A estação que nos faz vibrar ficou apenas marcada pelo pequeno episódio de neve na zona de Lisboa, enfim muito pouco.

Em Bragança o inverno resume-se a 2 ou 3 dias de sincelo no fim de Dezembro, e a 2 ou 3 dias de temperaturas abaixo de -4 em Janeiro.  Este inverno vai ficar marcado para sempre como o primeiro sem acumulação de neve na cidade... Pelo menos eu nunca me lembro de tal situação.

Fica aqui o que de melhor teve  o Inverno nesta região.


http://www.meteopt.com/showthread.php?t=790

http://www.meteopt.com/showthread.php?t=726

http://www.meteopt.com/showthread.php?t=712

http://www.meteopt.com/showthread.php?t=585

*O melhor do Inverno em Bragança:*
http://www.meteopt.com/showthread.php?t=604


----------



## tcpor (23 Mar 2007 às 14:09)

Como geógrafo, tenho a dizer que este Inverno mal se viu.
Aliás, como é natural. Digamos que foi um Inverno "fraquinho", onde as temperaturas não foram tão baixas como o esperado nem registamos grandes ocorrências de precipitação.
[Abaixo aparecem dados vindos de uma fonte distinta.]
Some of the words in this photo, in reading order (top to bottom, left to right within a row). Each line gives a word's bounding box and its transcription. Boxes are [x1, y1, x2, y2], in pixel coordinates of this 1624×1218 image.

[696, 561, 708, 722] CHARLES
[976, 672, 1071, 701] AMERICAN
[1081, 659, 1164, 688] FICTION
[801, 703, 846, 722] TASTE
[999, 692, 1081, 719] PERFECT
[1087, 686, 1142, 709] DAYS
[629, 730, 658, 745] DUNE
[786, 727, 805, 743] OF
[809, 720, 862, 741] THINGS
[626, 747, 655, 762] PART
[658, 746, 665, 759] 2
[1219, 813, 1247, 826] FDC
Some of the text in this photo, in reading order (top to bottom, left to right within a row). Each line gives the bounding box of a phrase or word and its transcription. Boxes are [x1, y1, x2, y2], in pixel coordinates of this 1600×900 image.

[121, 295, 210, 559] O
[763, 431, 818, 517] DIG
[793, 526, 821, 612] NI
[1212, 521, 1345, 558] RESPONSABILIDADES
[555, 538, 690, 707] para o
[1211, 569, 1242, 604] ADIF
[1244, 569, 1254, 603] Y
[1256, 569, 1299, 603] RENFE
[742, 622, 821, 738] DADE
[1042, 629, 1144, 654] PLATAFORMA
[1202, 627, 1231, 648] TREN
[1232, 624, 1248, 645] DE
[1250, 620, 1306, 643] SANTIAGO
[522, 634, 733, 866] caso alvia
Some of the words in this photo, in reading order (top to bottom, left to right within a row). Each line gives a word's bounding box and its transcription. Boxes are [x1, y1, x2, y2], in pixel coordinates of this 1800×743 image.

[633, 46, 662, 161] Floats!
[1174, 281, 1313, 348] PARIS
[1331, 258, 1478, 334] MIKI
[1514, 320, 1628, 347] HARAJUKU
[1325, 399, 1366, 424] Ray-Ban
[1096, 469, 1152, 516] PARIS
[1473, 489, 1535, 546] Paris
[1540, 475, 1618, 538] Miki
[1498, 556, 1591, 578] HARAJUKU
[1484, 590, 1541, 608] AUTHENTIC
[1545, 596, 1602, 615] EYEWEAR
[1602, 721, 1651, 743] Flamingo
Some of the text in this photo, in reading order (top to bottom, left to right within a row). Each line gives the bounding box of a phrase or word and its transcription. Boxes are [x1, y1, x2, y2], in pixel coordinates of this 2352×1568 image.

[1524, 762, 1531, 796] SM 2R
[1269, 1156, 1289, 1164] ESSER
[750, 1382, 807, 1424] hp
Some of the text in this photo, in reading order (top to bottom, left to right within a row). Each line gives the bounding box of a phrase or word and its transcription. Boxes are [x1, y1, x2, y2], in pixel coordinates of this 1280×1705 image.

Contudo, e devido às "variações climáticas" a que o nosso planeta está a atravessar, acho normal este Inverno "apático" e "veraneante"... Infelizmente.

Abraços,


----------



## filipept (23 Mar 2007 às 14:36)

Acho que foi fraquinho  , mesmo em termos de fenomenos mais extremos não se viu grande coisa. Por outro lado concordo com o Seringador, não trouxe grandes estragos, o que pode ser considerado pefeito  .


----------



## Fil (24 Mar 2007 às 00:16)

Eu votei 2, acho que o inverno praticamente se resumiu à última semana de janeiro e uns quantos dias de anticiclone em dezembro e estes últimos em março, dias esses que sinceramente também não foram absolutamente nada de especial! Este inverno fica sem dúvida marcado pela inesperada neve em Lisboa (e alguns locais do Alentejo e Oeste) e pela ausência dela nas zonas onde ela costuma ser presença habitual. Já tivemos invernos mais quentes, mas pelo menos esses tiveram sempre alguma que outra boa situação de neve para cotas médias.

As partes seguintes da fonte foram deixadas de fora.